If you do use this, I ask you to donate to OpenFlights, the source for all the data in here as of now, at http://openflights.org/donate. Seriously, if you can afford it, the OpenFlights team is responsible for putting all this data together and maintaining it, and we owe it to them to support their work.
Note the custom import path!
import (
"go.pedge.io/openflights"
)
Openflights is a package that exposes the data from http://openflights.org/data.html, available within https://github.com/jpatokal/openflights/tree/master/data.
Flights uses protobuf and gRPC to auto-generate a protobuf/grpc API stubs, and a HTTP/JSON API. See openflights.proto for the API definition. The HTTP endpoints should be relatively straightfoward.

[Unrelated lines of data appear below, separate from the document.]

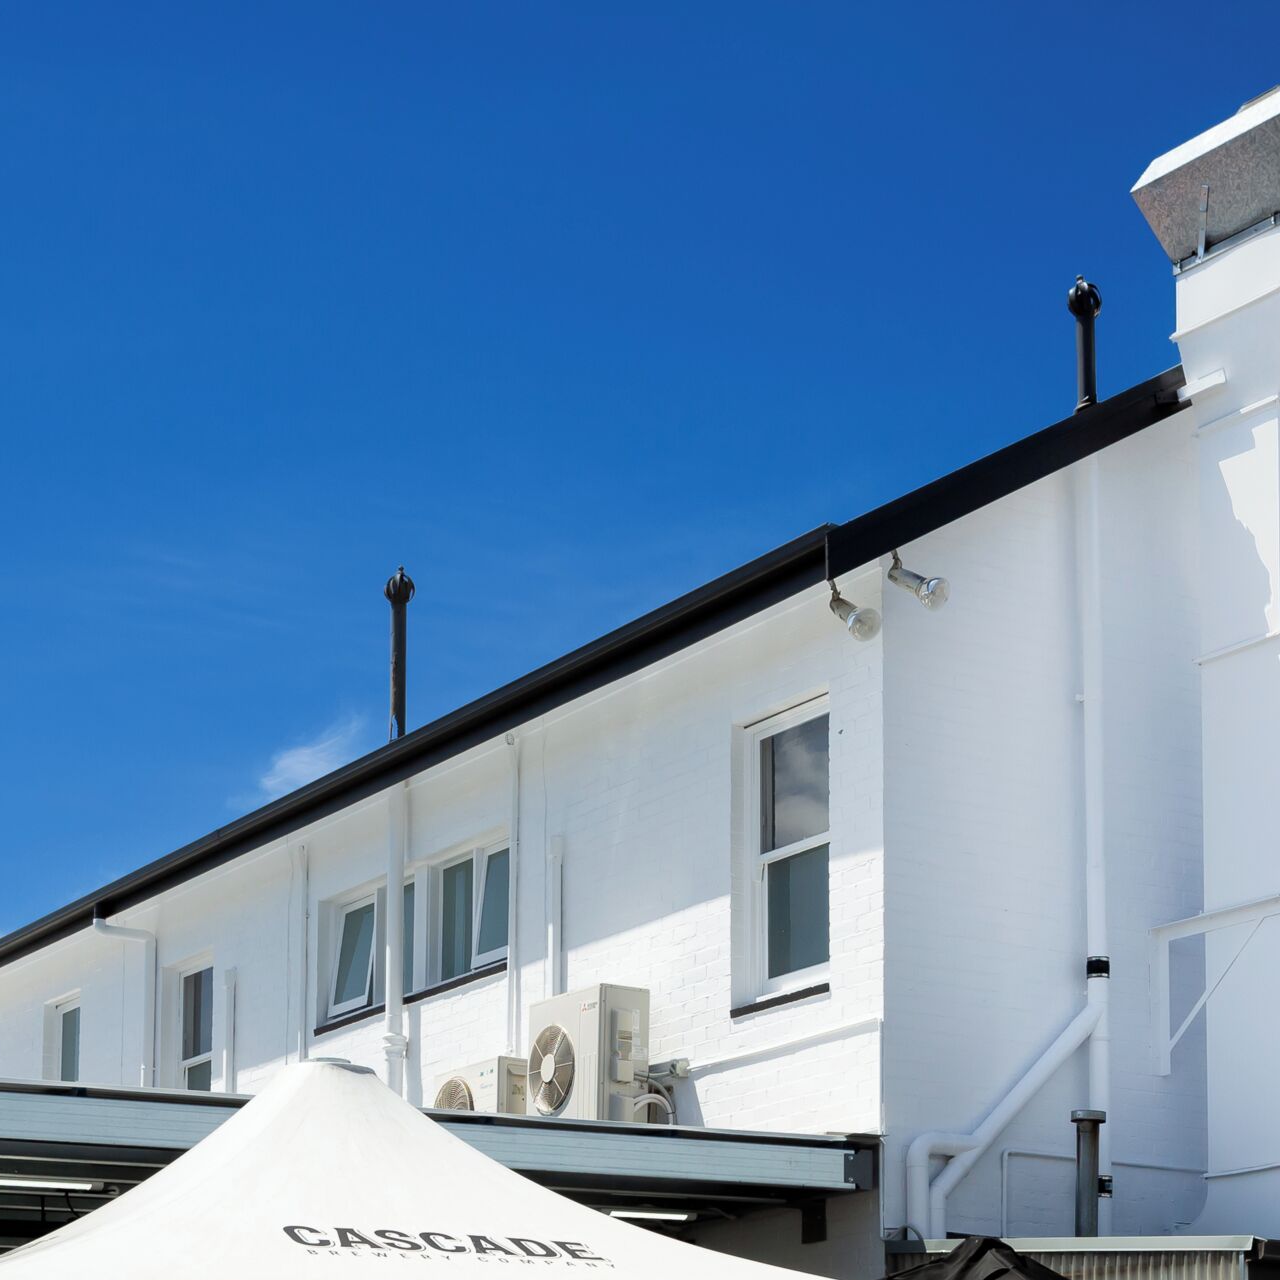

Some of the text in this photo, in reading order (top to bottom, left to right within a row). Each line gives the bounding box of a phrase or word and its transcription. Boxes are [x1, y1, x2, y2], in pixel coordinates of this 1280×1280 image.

[282, 1225, 609, 1261] CASCADE
[306, 1249, 616, 1269] BREWERY COMPANY
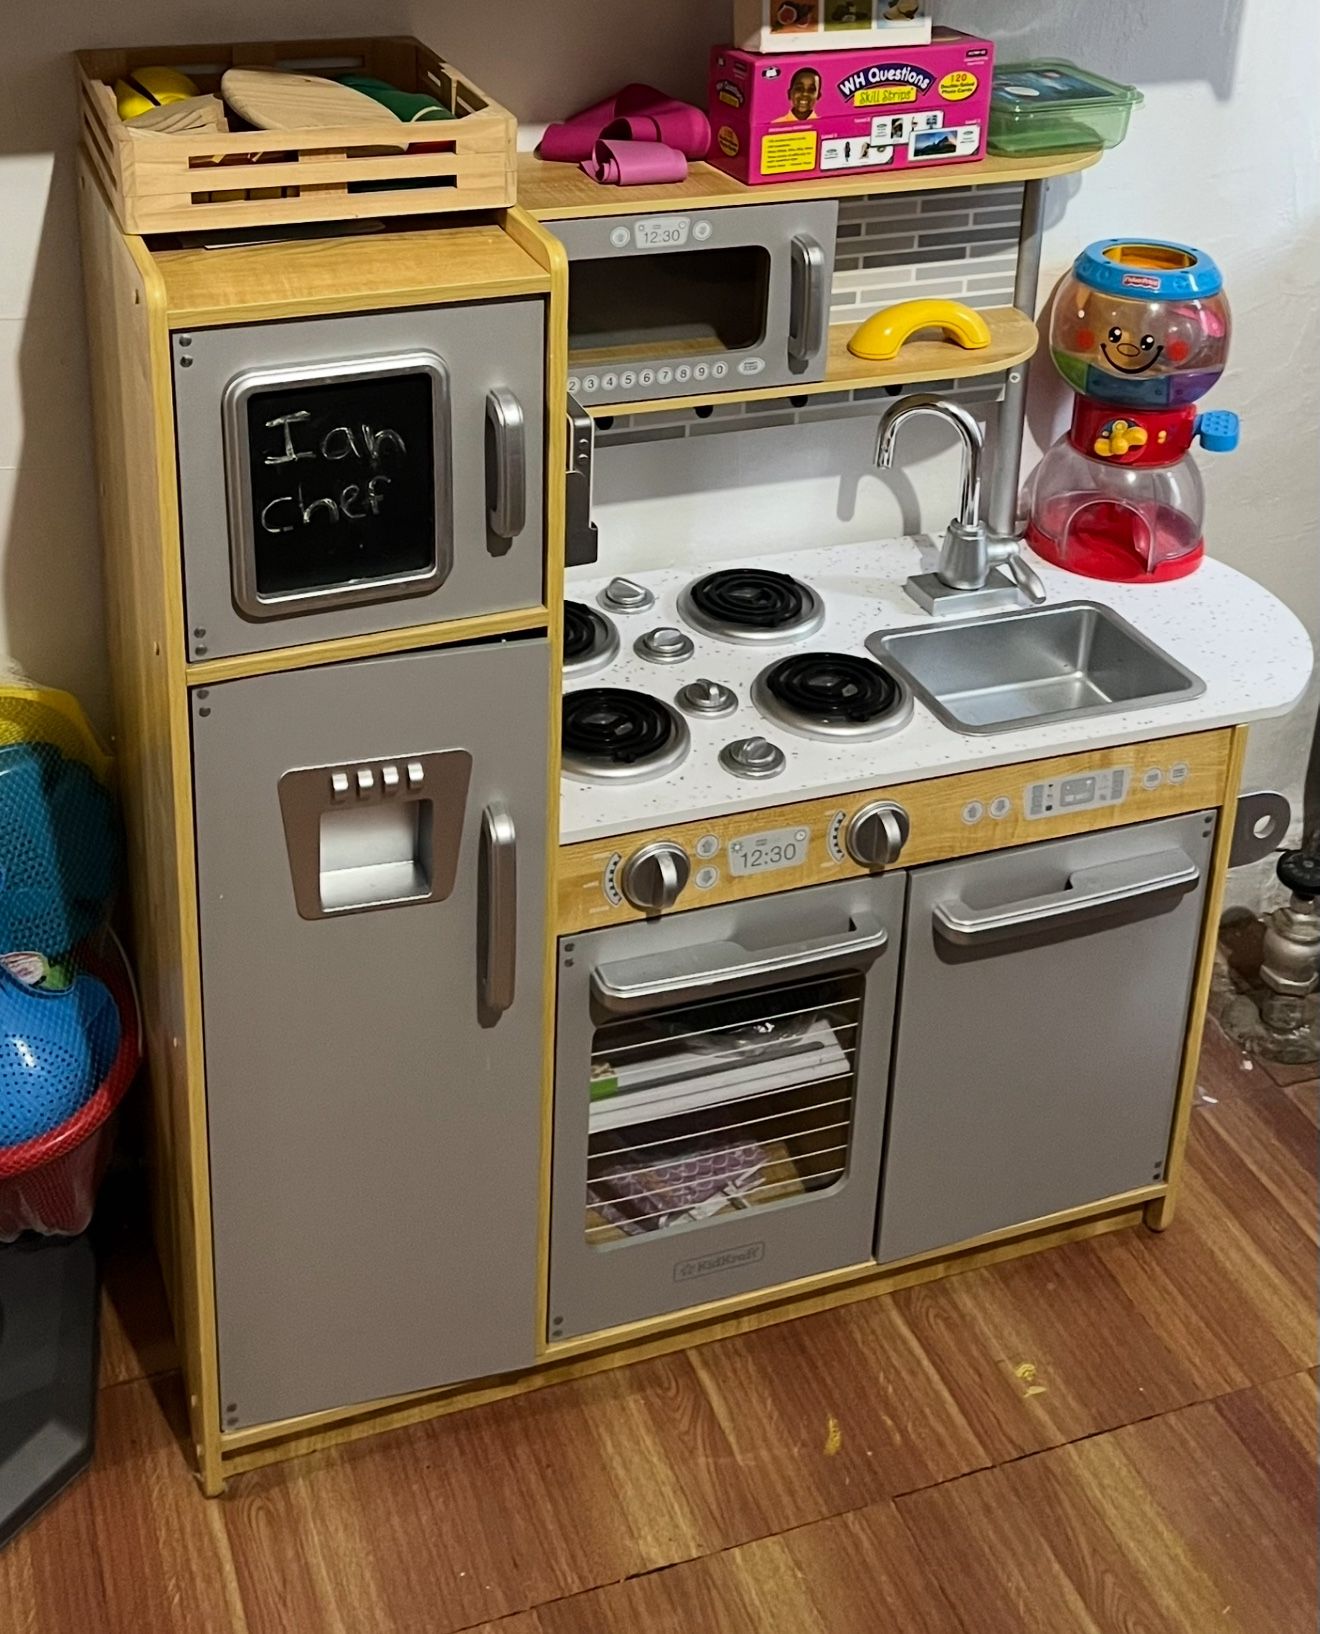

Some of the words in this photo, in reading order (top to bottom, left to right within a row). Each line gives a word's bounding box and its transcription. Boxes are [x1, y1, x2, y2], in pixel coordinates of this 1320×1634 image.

[839, 71, 866, 96] WH
[868, 66, 930, 89] Questions
[951, 73, 968, 83] 120
[859, 90, 880, 104] Skill
[881, 88, 912, 102] Strips
[643, 229, 681, 244] 12:30
[568, 380, 577, 392] 2
[587, 378, 595, 389] 3
[606, 376, 614, 387] 4
[624, 374, 632, 385] 5
[643, 372, 651, 383] 6
[662, 370, 670, 381] 7
[680, 368, 688, 379] 8
[698, 366, 706, 378] 9
[716, 364, 724, 375] 0
[264, 409, 316, 465] I
[740, 842, 797, 869] 12:30
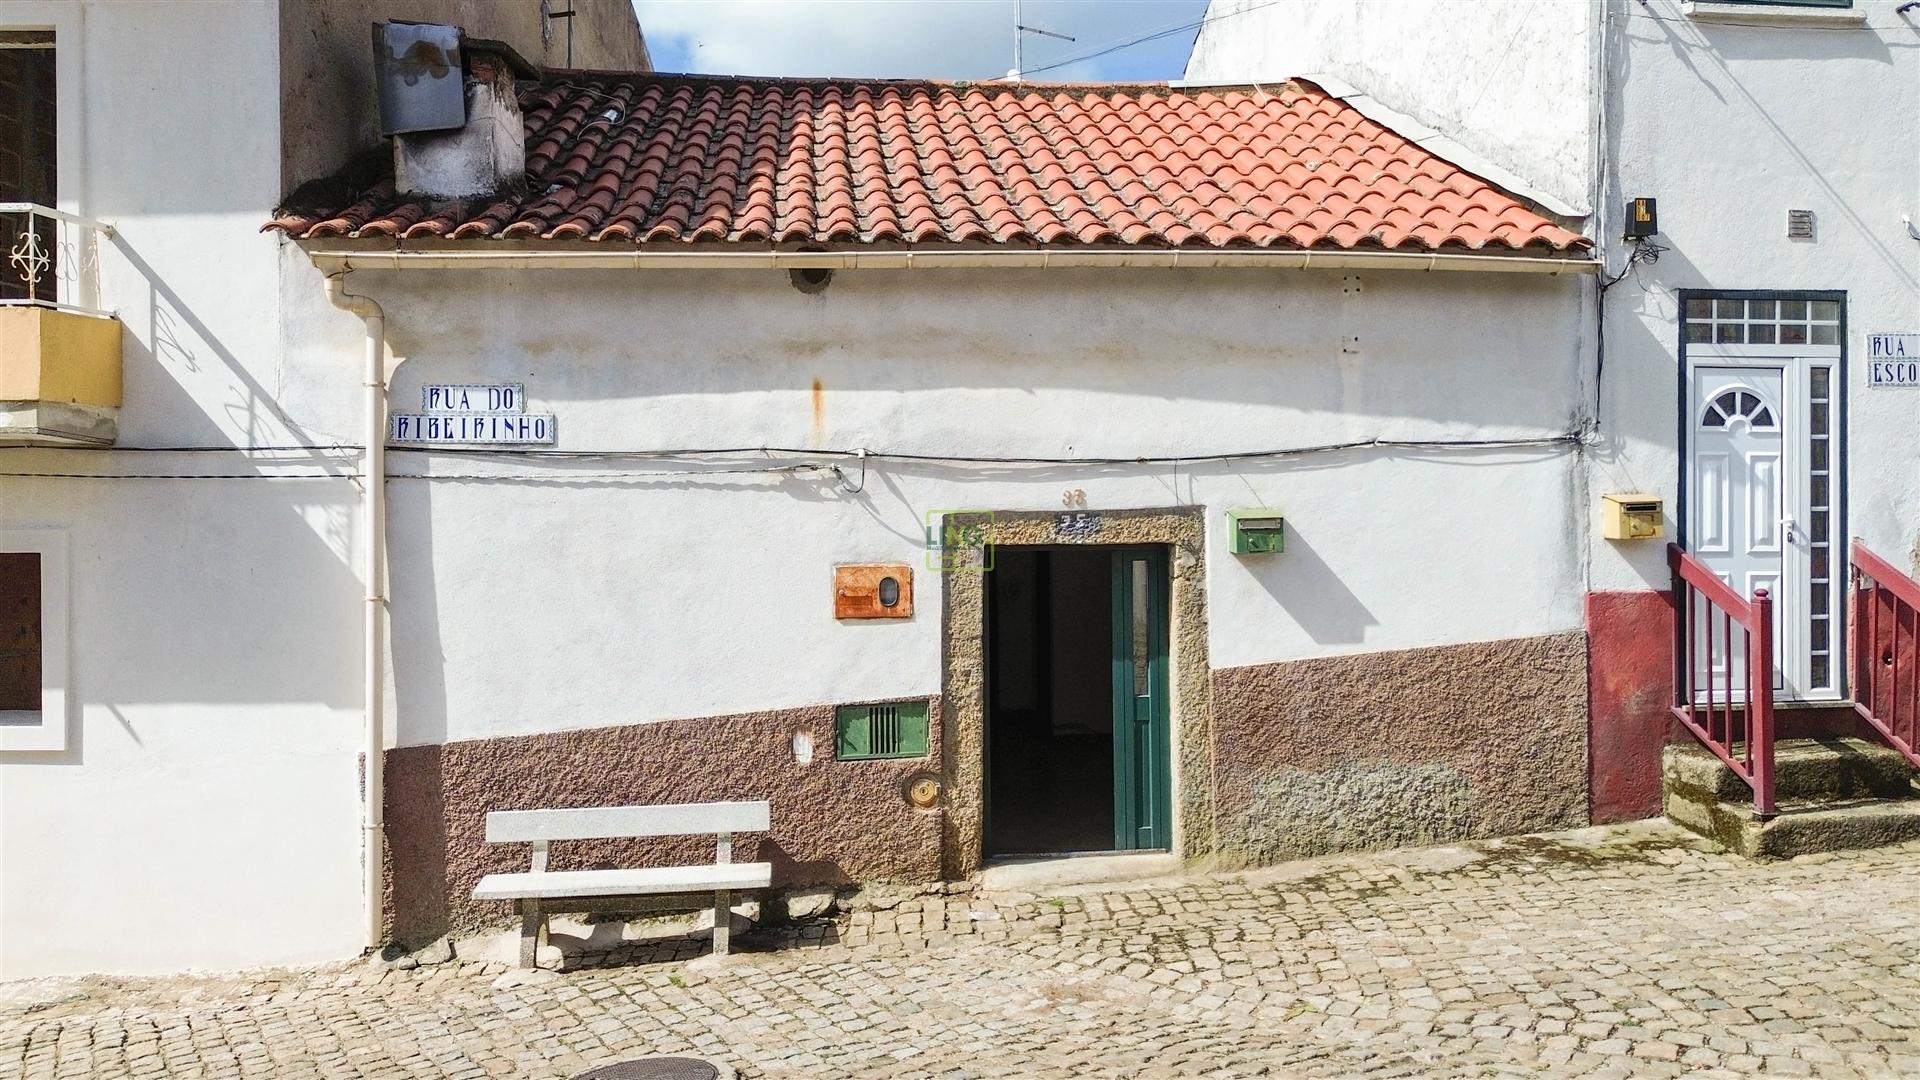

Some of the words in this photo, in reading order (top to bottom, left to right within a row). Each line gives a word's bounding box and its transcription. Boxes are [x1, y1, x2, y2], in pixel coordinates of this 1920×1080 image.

[1873, 336, 1905, 356] RUA
[429, 387, 470, 410] RUA
[488, 388, 514, 411] DO
[397, 417, 545, 440] RIBEIRINHO
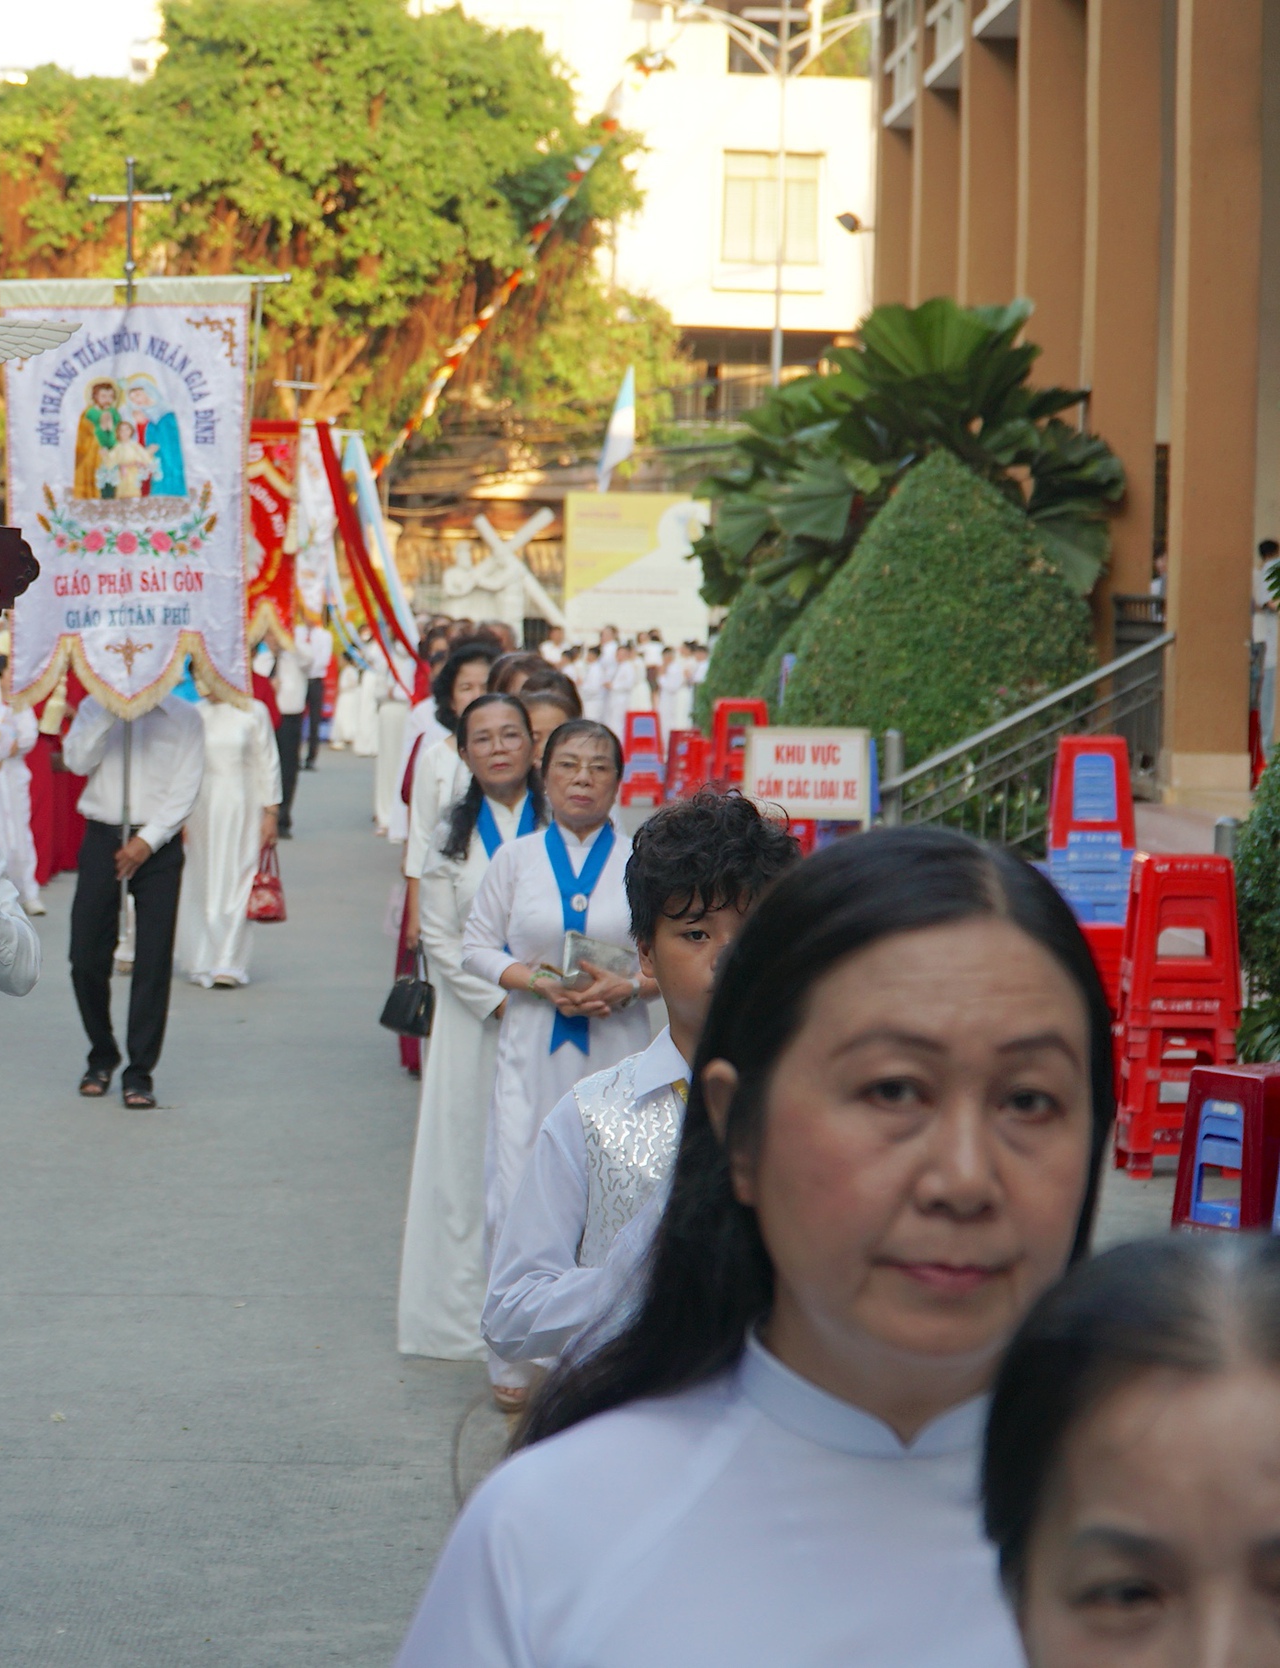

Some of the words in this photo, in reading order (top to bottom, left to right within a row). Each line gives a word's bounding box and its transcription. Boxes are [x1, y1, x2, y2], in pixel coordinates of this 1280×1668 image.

The binary openflightsd is a server binary that hosts the API. make install
will install this, which you can
then run with ${GOPATH}/bin/openflightsd
, or make launch
will build a Docker image that is ~13MB as of now, and launch
this Docker image with the default ports set. Then, you can curl http://0.0.0.0:8080/airports/code/sfo
as a quick check.
The openflights package for golang adds some golang-specific additional functionality around the generated protocol buffers code. See openflights.go for publically-exposed structures.
The binaries gen-openflights-csv-store and gen-openflights-id-store will generate
the data for you in either a CSVStore
or IDStore
. Note that this is how generated.go is generated.